(Stored records)
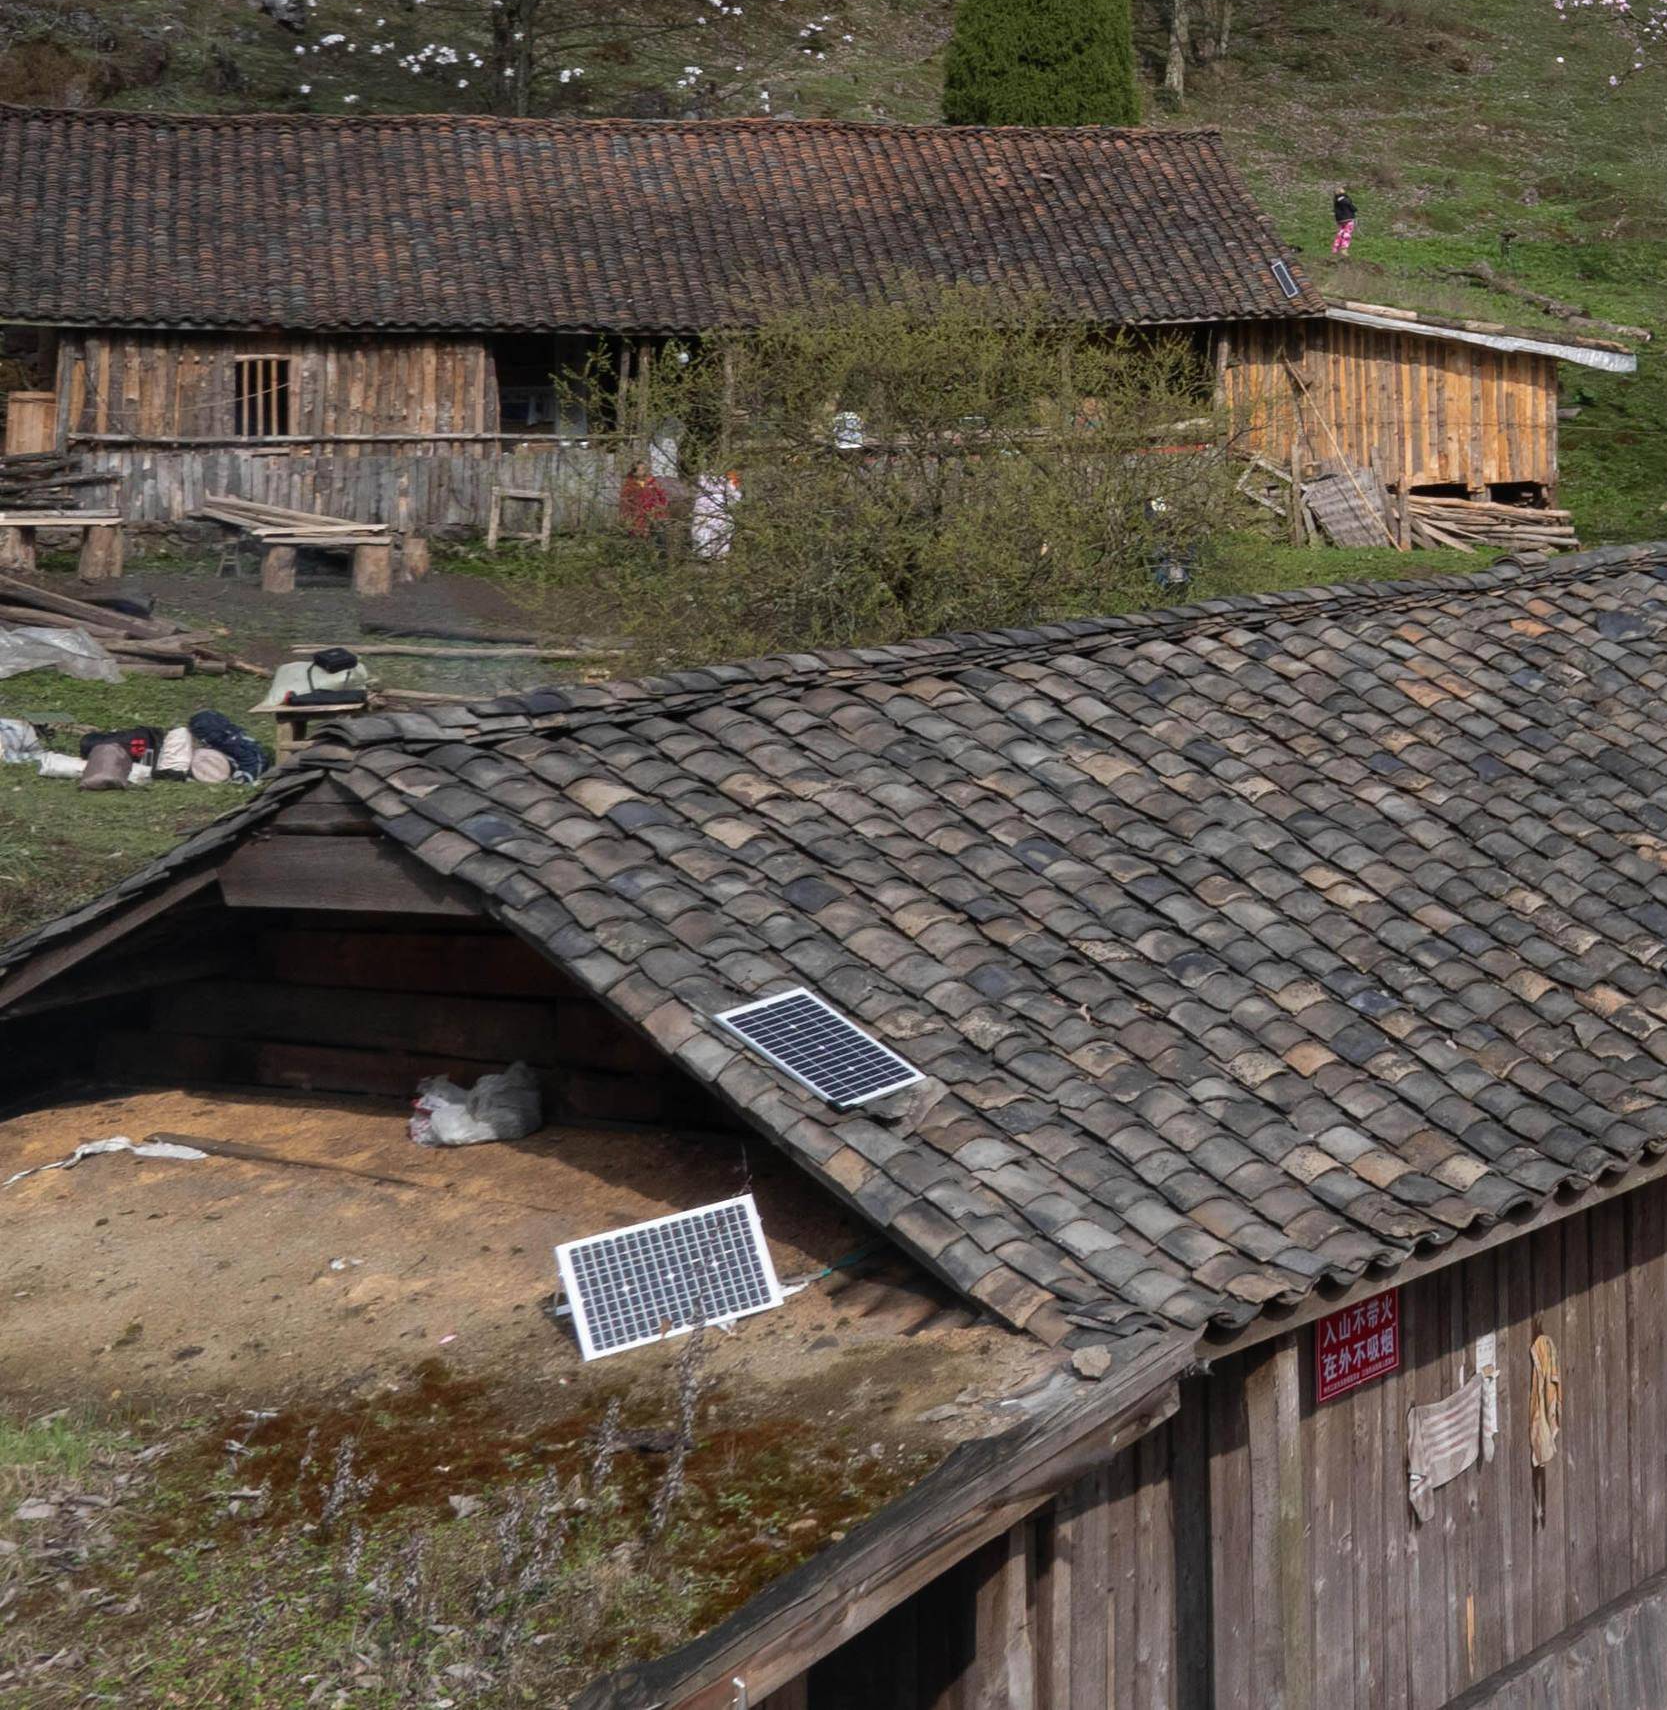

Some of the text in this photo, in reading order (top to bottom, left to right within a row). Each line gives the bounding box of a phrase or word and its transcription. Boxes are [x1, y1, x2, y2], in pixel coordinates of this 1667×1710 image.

[1323, 1295, 1393, 1348] 入山不带火
[1321, 1326, 1394, 1383] 在外不吸烟
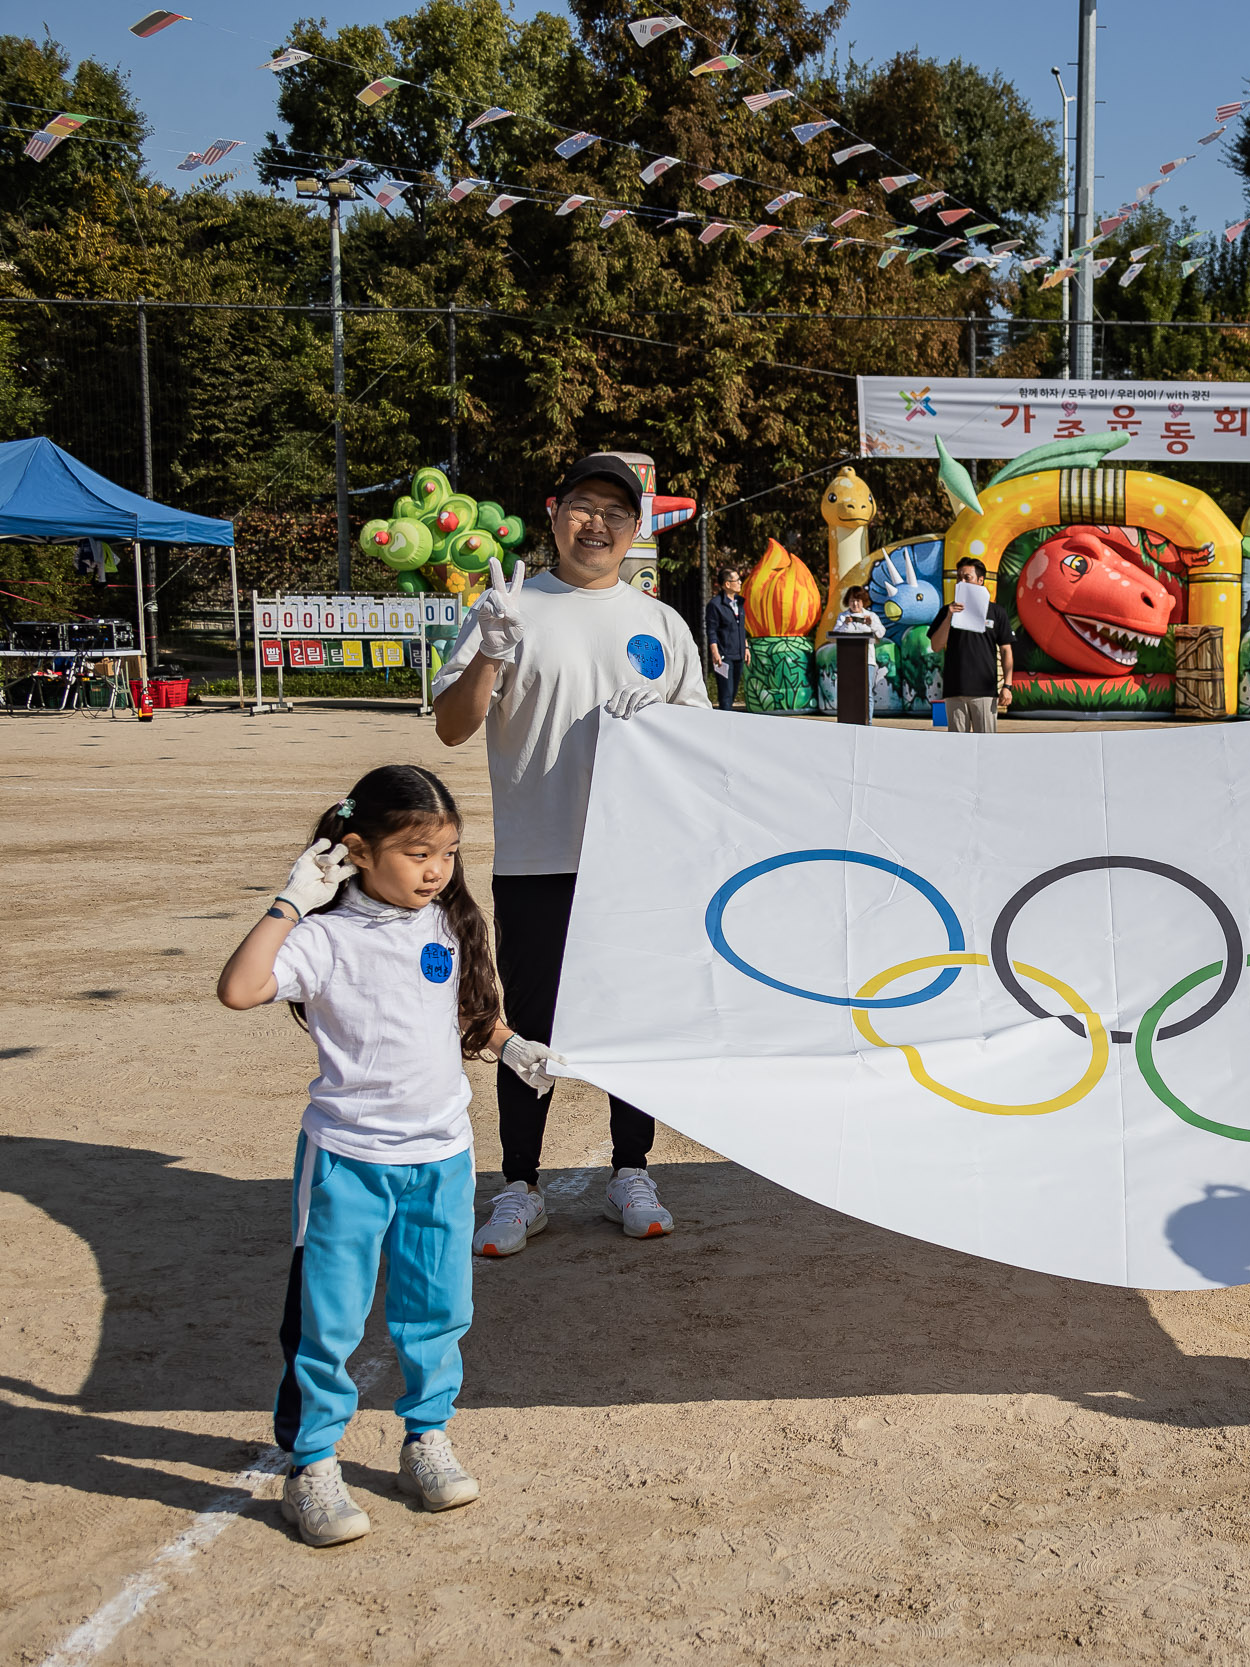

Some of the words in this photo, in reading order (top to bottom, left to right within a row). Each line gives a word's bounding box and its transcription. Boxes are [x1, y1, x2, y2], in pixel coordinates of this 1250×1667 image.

[1019, 388, 1038, 399] 함께
[1039, 388, 1058, 399] 하자
[1068, 389, 1087, 399] 모두
[1090, 389, 1108, 400] 같이
[1117, 389, 1136, 400] 우리
[1137, 390, 1157, 400] 아이
[1166, 390, 1189, 400] with
[1191, 390, 1210, 401] 광진

→ **What is required**: Make an exact copy of the records above. Keep out every picture.

→ **Written response**:
Some of the text in this photo, in reading order (top to bottom, left to right within a row). Each line gives the bounding box of a phrase or word and its transcription. Boxes are [x1, y1, x2, y2], in pixel coordinates of this 1667×1710 image.

[1323, 1295, 1393, 1348] 入山不带火
[1321, 1326, 1394, 1383] 在外不吸烟

Some of the words in this photo, in reading order (top to bottom, left to right within a row). Each line gives a word's bounding box and its transcription. Boxes are [x1, y1, x2, y2], in pixel coordinates of this 1250×1667 image.

[1019, 388, 1038, 399] 함께
[1039, 388, 1058, 399] 하자
[1068, 389, 1087, 399] 모두
[1090, 389, 1108, 400] 같이
[1117, 389, 1136, 400] 우리
[1137, 390, 1157, 400] 아이
[1166, 390, 1189, 400] with
[1191, 390, 1210, 401] 광진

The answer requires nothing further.